Assigned task:
Your answer should be the line that contains "this 1365×1536 image." and each line after it, restated word for word through the final line of the entries.

[Data entries]
*** Begin section ***

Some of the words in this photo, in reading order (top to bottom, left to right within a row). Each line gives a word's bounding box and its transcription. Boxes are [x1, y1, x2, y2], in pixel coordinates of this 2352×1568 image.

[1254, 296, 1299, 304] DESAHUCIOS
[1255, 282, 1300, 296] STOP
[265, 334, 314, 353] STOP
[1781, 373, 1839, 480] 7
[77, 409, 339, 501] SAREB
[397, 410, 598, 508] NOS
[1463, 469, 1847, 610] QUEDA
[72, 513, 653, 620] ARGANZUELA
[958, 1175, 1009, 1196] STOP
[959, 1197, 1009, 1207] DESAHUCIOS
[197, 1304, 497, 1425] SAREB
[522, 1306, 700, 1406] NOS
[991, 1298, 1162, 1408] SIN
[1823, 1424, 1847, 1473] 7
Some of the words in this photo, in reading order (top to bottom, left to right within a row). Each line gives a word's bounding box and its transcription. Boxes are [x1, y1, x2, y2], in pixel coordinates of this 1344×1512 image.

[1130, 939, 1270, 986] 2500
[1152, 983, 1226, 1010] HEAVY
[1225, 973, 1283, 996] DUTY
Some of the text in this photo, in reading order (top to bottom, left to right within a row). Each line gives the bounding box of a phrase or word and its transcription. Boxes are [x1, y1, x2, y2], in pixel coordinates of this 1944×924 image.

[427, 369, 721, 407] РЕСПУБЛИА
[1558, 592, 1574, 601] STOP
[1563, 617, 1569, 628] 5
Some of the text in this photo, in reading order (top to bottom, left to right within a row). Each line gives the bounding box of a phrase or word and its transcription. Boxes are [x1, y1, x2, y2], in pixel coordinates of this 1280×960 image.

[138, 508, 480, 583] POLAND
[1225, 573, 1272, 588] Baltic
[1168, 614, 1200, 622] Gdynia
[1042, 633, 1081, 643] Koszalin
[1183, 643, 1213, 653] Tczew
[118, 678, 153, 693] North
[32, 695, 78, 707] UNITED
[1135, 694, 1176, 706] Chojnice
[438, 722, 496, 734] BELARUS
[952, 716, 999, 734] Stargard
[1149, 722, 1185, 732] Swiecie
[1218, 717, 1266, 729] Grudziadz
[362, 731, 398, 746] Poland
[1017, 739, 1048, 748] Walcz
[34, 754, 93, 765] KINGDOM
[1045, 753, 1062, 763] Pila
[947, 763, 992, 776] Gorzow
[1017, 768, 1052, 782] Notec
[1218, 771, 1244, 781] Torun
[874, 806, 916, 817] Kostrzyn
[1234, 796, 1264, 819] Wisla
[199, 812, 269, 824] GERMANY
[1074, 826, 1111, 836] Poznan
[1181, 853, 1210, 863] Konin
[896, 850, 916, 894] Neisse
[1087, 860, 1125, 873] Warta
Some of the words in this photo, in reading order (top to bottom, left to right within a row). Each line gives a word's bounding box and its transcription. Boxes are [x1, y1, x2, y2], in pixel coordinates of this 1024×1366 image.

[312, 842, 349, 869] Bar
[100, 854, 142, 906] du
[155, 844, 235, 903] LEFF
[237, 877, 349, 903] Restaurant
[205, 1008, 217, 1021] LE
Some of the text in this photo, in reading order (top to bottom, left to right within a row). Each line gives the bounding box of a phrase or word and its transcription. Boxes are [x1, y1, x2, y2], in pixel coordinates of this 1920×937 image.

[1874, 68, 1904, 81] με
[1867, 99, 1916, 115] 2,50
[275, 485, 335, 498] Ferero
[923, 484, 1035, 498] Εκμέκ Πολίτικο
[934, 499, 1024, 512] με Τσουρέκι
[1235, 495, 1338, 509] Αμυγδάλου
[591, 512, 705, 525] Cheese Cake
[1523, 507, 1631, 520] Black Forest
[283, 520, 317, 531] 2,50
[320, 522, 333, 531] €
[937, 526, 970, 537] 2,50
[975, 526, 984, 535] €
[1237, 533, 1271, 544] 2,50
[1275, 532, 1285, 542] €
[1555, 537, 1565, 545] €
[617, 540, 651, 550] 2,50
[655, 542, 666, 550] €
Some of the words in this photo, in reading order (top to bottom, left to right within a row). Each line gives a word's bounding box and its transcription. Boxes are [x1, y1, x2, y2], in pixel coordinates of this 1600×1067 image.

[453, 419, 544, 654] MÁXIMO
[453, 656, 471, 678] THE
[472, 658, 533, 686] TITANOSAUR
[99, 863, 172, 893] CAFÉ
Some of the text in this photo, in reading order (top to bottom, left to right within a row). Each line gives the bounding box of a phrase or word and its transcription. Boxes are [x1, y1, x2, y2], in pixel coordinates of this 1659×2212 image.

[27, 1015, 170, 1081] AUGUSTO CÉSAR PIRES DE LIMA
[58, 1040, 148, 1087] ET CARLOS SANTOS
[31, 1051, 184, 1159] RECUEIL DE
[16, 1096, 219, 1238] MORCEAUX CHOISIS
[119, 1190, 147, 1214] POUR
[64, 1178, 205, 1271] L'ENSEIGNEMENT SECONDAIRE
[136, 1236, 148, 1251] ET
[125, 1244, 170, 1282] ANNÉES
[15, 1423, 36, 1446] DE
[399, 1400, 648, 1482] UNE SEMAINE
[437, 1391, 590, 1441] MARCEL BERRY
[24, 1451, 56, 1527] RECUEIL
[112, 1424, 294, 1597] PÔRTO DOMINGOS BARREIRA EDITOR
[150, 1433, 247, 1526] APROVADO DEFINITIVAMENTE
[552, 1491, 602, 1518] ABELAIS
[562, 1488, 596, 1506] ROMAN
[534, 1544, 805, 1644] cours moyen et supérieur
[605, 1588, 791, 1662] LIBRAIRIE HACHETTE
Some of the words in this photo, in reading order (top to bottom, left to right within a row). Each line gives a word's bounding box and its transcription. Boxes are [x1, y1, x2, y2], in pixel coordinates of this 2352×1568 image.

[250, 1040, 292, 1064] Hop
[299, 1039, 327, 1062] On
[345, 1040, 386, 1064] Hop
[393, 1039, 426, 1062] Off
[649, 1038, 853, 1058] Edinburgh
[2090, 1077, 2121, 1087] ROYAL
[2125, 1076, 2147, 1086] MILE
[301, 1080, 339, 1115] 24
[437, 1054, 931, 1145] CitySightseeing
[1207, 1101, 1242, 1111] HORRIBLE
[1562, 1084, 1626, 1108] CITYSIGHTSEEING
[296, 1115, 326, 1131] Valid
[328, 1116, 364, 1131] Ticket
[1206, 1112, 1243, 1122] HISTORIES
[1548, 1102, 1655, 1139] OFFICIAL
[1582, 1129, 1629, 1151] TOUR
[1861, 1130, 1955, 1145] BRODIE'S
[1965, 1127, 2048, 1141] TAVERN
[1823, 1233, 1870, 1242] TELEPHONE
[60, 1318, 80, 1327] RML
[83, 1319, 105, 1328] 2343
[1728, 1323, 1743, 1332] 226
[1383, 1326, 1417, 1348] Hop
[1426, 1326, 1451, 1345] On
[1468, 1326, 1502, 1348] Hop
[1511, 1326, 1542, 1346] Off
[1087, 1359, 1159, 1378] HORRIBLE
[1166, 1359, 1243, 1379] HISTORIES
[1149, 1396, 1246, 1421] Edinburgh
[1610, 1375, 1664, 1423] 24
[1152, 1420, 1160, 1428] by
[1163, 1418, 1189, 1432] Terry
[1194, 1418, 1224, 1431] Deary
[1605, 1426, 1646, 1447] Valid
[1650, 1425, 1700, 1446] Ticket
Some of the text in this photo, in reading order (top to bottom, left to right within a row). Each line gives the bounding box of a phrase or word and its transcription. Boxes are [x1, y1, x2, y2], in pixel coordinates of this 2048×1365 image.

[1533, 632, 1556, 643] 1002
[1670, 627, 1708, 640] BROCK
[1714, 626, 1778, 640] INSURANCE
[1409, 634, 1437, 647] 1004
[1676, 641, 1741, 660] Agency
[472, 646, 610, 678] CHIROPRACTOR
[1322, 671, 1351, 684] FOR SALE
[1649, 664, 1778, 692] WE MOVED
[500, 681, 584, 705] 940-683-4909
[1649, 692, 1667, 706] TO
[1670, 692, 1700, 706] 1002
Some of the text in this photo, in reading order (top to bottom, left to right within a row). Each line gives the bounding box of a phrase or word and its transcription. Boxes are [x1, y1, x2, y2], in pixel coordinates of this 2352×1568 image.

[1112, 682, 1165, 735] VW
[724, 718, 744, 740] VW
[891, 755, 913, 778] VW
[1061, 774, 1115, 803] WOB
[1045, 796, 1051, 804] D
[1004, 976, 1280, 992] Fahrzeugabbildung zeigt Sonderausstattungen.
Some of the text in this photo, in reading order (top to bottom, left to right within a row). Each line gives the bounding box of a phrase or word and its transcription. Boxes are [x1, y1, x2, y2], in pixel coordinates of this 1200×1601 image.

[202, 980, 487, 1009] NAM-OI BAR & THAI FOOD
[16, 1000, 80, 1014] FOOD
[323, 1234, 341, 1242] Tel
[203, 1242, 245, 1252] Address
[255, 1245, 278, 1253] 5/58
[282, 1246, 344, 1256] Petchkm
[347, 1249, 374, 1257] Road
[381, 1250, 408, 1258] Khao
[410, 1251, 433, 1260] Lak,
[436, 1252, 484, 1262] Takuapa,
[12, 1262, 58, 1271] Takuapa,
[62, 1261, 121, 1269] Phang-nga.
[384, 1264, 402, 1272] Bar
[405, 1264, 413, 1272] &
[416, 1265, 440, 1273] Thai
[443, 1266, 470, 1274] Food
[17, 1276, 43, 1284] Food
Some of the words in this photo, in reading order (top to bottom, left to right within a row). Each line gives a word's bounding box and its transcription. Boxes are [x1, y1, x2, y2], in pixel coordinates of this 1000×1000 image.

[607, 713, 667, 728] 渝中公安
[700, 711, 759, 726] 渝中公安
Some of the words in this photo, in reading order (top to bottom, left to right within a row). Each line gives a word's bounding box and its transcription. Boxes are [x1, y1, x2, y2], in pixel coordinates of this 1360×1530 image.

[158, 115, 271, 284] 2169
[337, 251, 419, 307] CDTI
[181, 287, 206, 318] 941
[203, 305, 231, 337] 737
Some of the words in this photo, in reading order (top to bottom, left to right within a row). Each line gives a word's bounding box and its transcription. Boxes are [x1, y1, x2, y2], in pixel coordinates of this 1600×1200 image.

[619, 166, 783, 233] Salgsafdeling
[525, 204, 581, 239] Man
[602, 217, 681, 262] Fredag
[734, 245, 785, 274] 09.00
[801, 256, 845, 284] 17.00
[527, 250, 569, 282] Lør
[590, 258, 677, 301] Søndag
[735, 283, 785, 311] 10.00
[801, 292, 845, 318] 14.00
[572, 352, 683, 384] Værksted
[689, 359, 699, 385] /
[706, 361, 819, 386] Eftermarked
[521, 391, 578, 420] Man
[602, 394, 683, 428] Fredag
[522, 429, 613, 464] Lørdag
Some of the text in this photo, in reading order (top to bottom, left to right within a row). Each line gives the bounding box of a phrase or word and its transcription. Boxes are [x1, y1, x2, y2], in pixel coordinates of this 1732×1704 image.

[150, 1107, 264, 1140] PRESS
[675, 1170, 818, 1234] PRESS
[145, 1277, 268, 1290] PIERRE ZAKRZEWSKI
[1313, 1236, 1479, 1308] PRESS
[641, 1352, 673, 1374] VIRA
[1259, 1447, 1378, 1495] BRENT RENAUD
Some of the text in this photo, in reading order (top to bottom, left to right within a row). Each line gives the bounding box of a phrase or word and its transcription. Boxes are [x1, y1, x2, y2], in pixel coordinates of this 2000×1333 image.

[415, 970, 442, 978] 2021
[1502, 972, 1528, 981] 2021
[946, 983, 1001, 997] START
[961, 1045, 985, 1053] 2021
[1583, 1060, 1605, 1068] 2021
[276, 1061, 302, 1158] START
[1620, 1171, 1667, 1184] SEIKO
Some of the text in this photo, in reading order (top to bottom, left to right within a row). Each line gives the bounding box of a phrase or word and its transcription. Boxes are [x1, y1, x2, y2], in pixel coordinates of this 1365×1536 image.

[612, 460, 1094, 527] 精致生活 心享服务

*** End section ***

Answer to this problem:
Some of the text in this photo, in reading order (top to bottom, left to right within a row). Each line gives the bounding box of a phrase or word and its transcription. Boxes are [x1, y1, x2, y2], in pixel coordinates of this 1365×1536 image.

[612, 460, 1094, 527] 精致生活 心享服务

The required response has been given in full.